# A $G_\delta$ and meager set in $\mathbb{R}$

I've thought about it, and I'm not sure such sets exist. I mean, obviously the finite sets satisfy both definitions, buy I'm searching a non-trivial example.

The definitions are: A set $$M \subseteq \mathbb{R}$$ its a meager set if exists a sequence $$\{F_n\}$$ of nowhere dense (i.e., with empty interior) with $$M = \bigcup F_n$$; and a set $$X \subseteq \mathbb{R}$$ its a $$G_\delta$$ set if exists a sequence $$\{A_n\}$$ of open sets with $$M = \bigcap A_n$$.

If any have an idea or some reference, I would appreciate the information. Thanks!

• Right you are... Sep 10 '20 at 16:15
• FYI, a $G_{\delta}$ meager set is nowhere dense.
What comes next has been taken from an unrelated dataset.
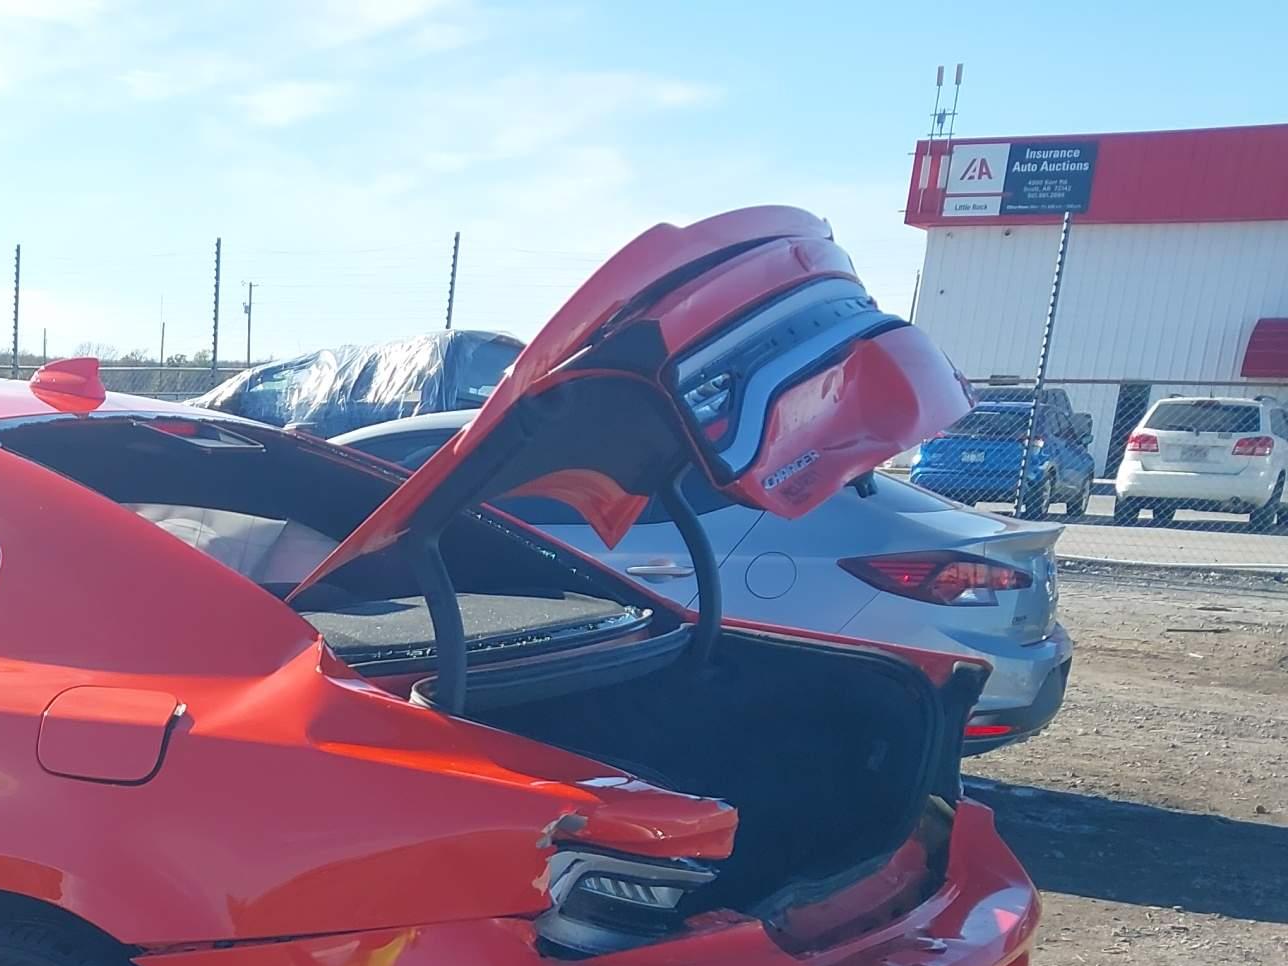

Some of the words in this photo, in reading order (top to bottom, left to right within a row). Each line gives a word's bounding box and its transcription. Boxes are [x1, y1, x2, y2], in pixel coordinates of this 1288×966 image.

The converse doesn't hold, but not because of size considerations (because every nowhere dense set is contained in a closed nowhere dense set, and a closed nowhere dense set is certainly a $G_{\delta}$ meager set), but because of "descriptive set complexity" considerations (there exist nowhere dense sets that are not $G_{\delta},$ indeed not even Borel). Sep 10 '20 at 18:21

A more interesting example is the Cantor set, it is a nowhere dense (hence meager) subset of the reals with the same cardinality as the whole of $$\Bbb R$$, and it also a $$G_\delta$$ set since every closed set is $$G_\delta$$ in a metric space. By considering a fat Cantor set instead of the standard middle-thirds construction you can even get examples with positive measure.
Note that in general, by the Baire category theorem, it is much easier to produce comeager $$G_\delta$$ sets (hence meager $$F_\sigma$$ sets)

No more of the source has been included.